Bandeau théière calli

mercredi 29 juin 2016

He Jiahong


En mars dernier, grâce à l'Institut Confucius, j'ai eu l'opportunité d'assister à une conférence du romancier chinois HE JIAHONG (何家弘). La particularité de cet auteur est que c'est un universitaire spécialiste en droit chinois, en système judiciaire et en criminologie. C'est en 1953, pendant les années Mao, qu'il naît à Pékin. A l'âge de 16 ans, en 1969, il est volontaire pour aller travailler dans une ferme-usine du Heilongjiang, au nord du pays. 



Mais la mort de Lin Biao, en 1971, alors qu'il tentait de fuir la Chine, est pour lui un choc et une remise en question du modèle communiste.
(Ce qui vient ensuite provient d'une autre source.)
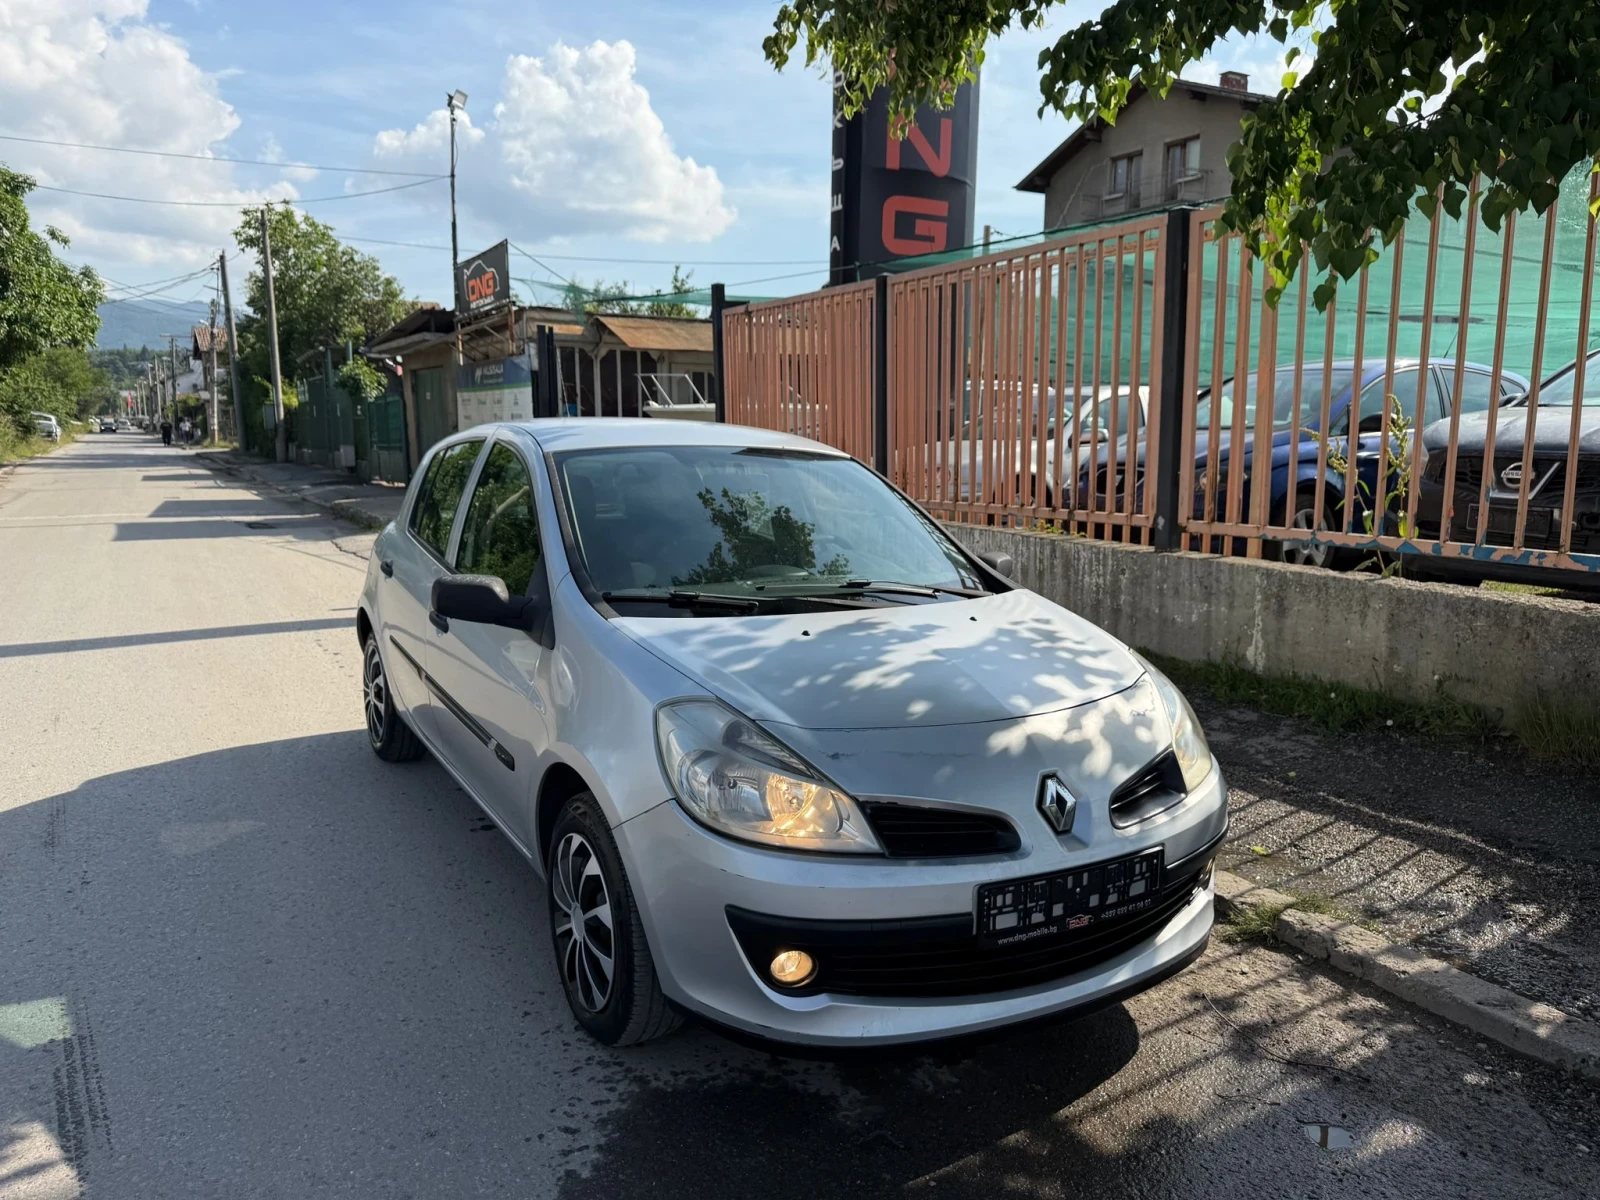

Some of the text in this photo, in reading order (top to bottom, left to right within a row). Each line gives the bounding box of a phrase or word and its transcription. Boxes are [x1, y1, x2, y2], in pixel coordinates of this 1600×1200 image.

[882, 42, 953, 256] NG
[468, 271, 494, 302] DNG
[997, 925, 1058, 945] www.dng.mobile.bg
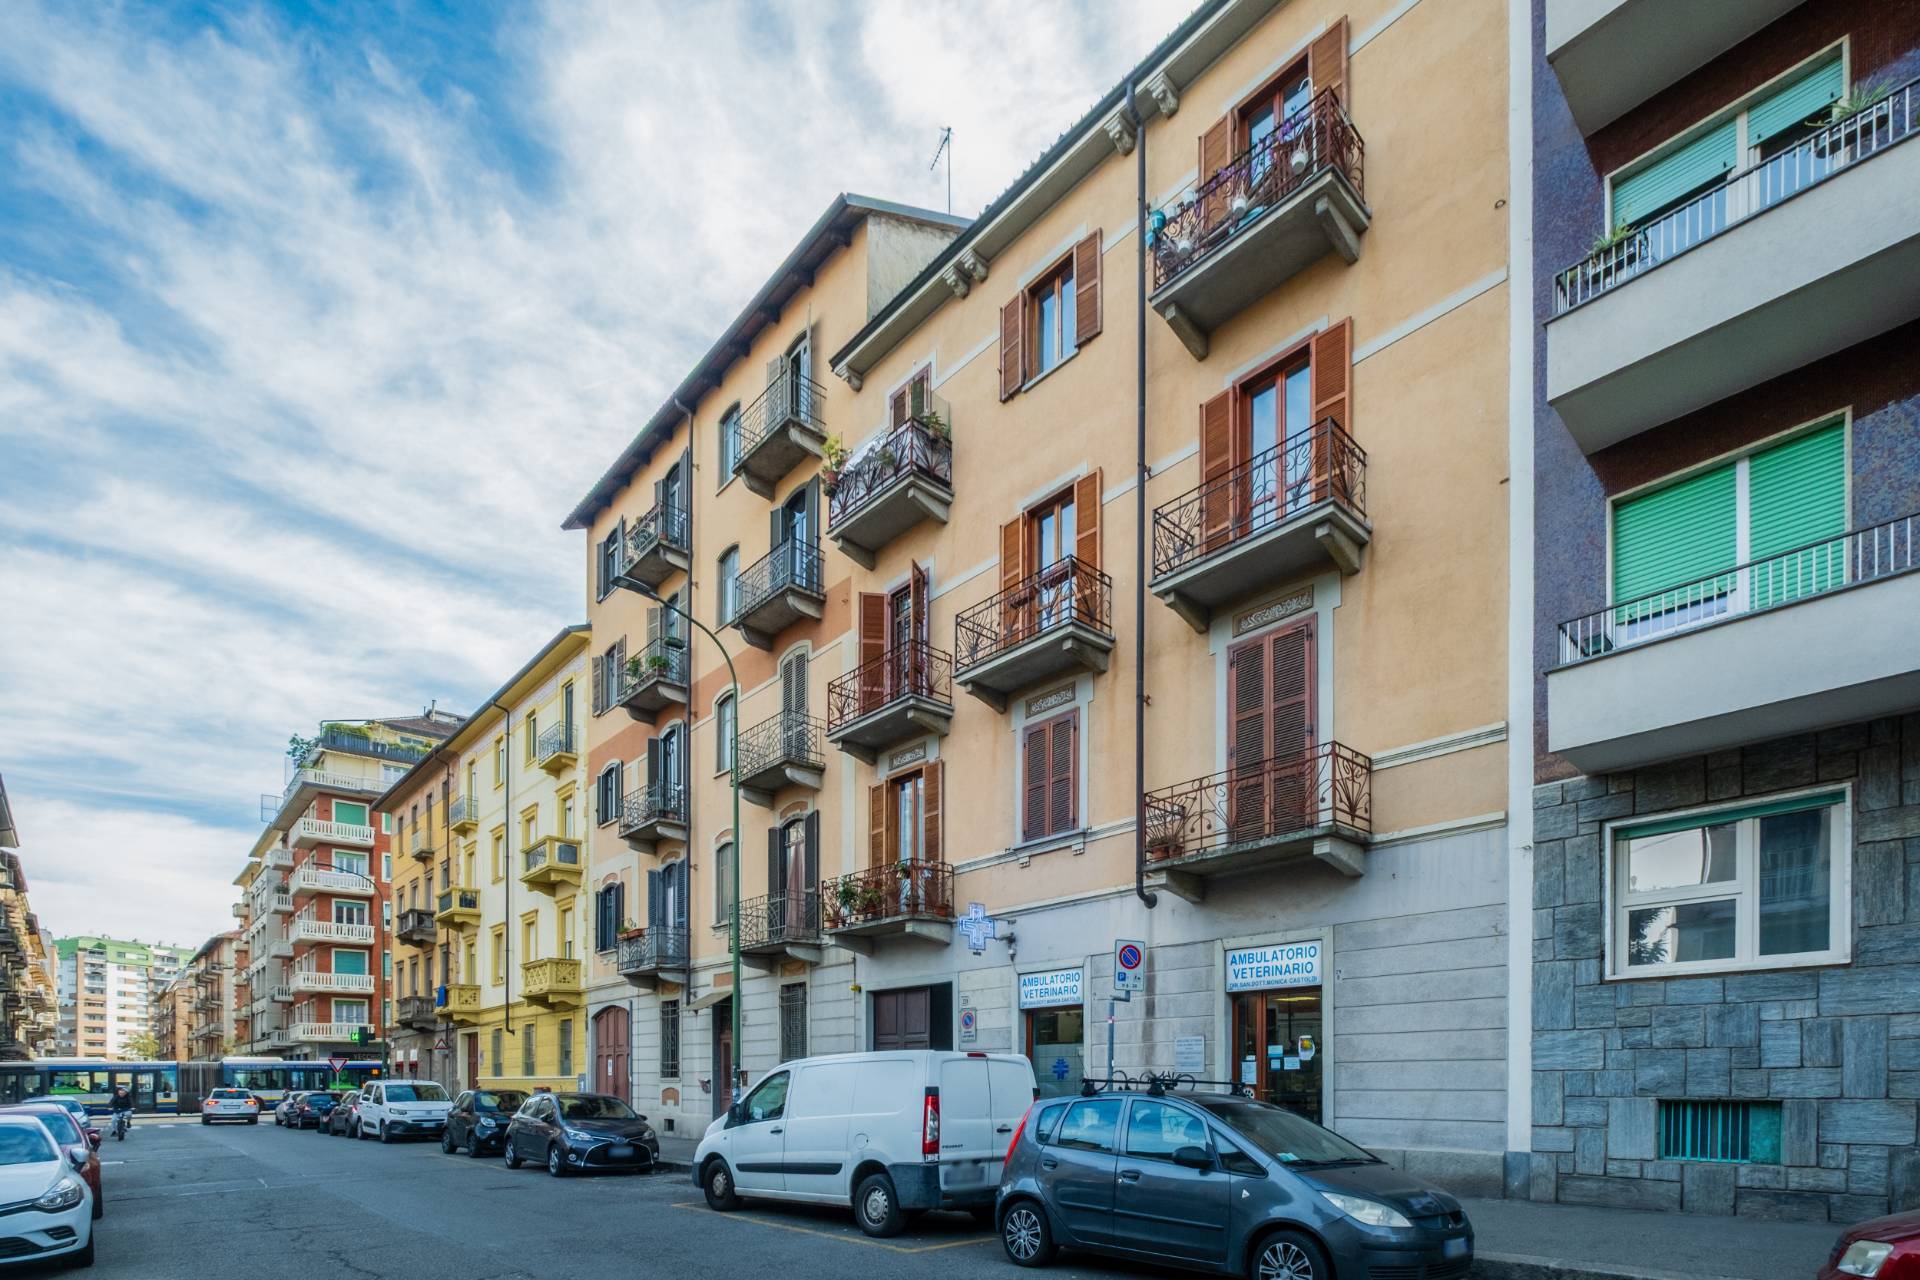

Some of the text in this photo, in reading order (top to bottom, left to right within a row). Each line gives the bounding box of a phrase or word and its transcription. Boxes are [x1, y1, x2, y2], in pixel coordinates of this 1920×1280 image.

[1230, 946, 1317, 966] AMBULATORIO
[1233, 961, 1314, 980] VETERINARIO
[1022, 972, 1081, 988] AMBULATORIO
[1023, 984, 1078, 999] VETERINARIO
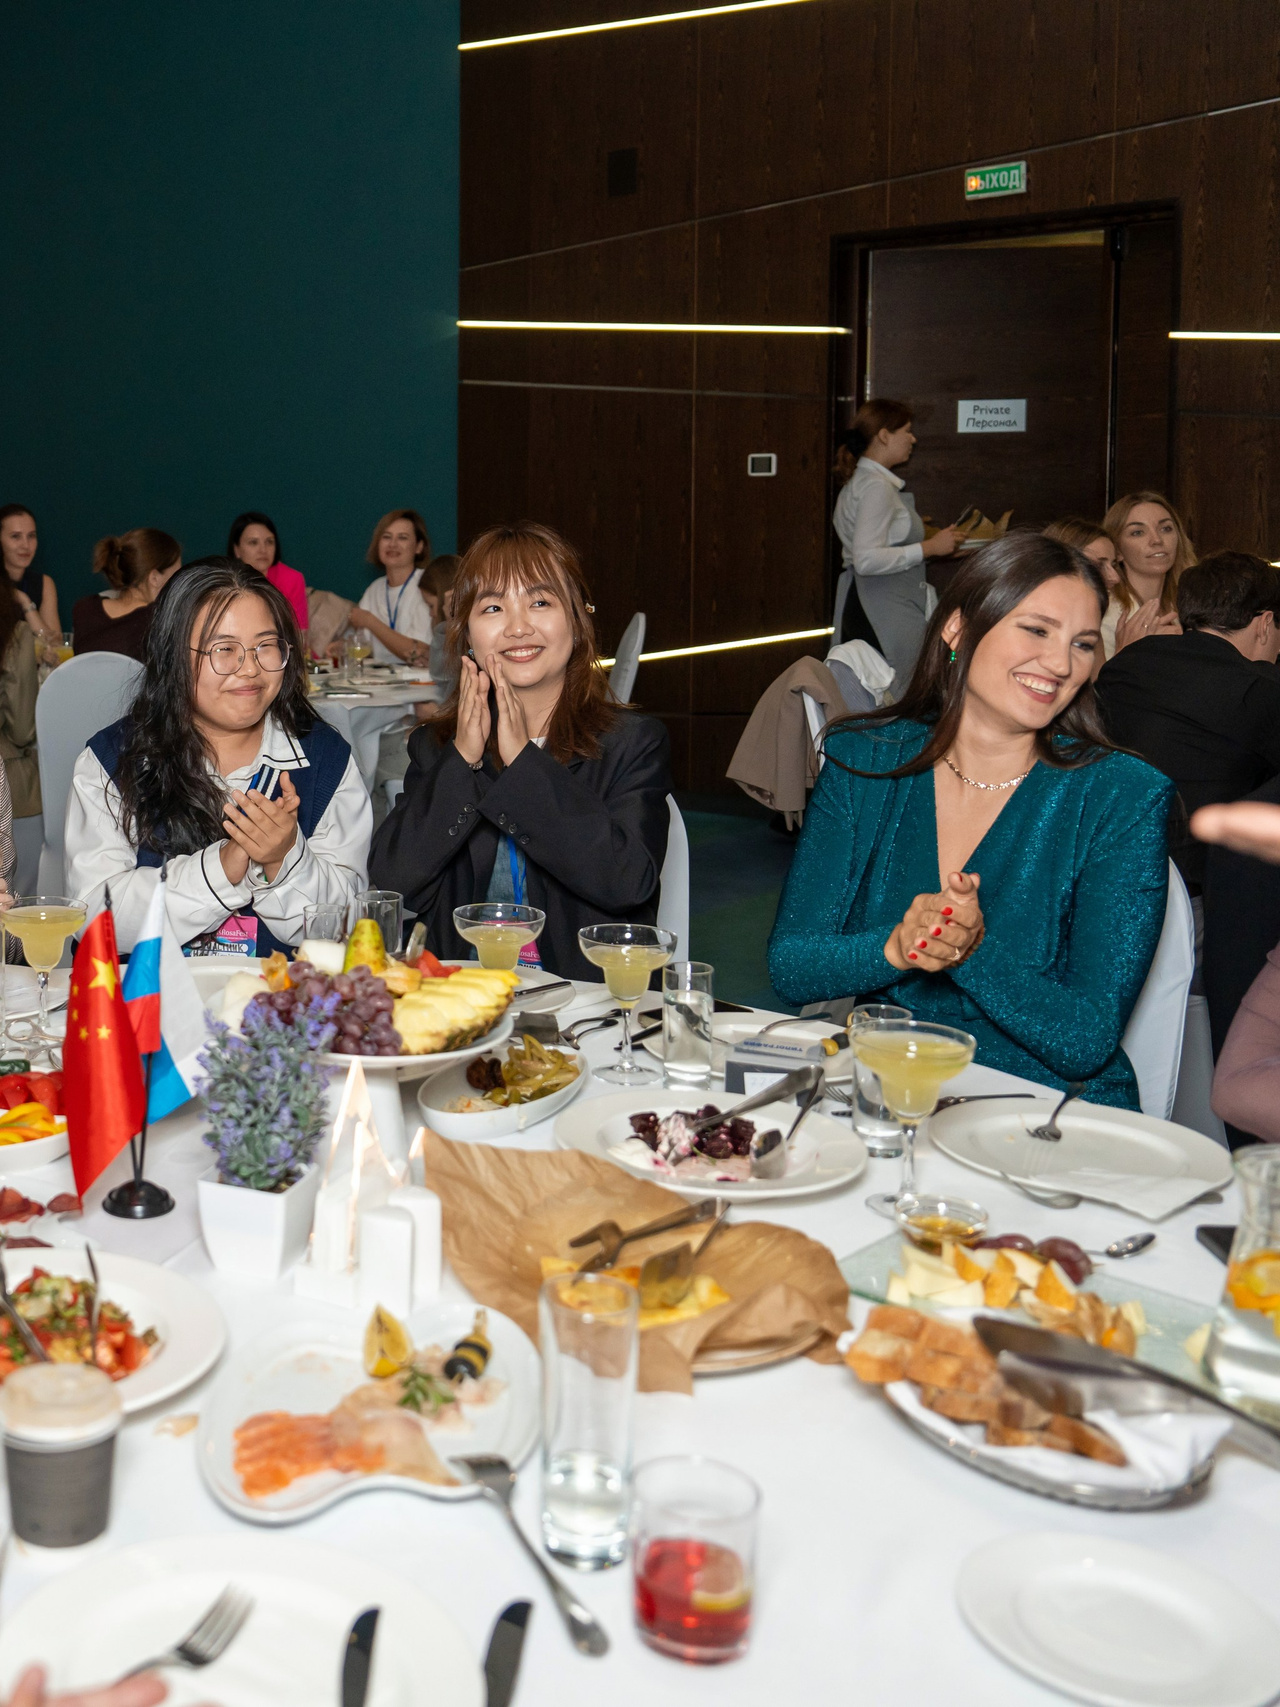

Il revient en 1977 à Pékin mais se voit écarté de l'université du fait de ses antécédents familiaux (son père et son grand père étaient membres du Kuomintang). Il travaille dans le bâtiment puis comme plombier jusqu'à 1979 où il réussit enfin à rentrer à l'Université de Pékin et y étudie le droit. Il obtient son Master en 1986. Il part ensuite pour Chicago où il obtiendra un Doctorat en droit en 1993. Il rentre alors en Chine et devient enseignant tout en participant aux réformes et procédures judiciaires de son pays. Il enseigne aujourd'hui à l'Université du Peuple, considérée comme l'une des meilleures universités de Pékin. Auteur de multiples articles sur le droit et correspondant d'Amnesty International, il s'est engagé contre la peine de mort et la prolifération des armes. 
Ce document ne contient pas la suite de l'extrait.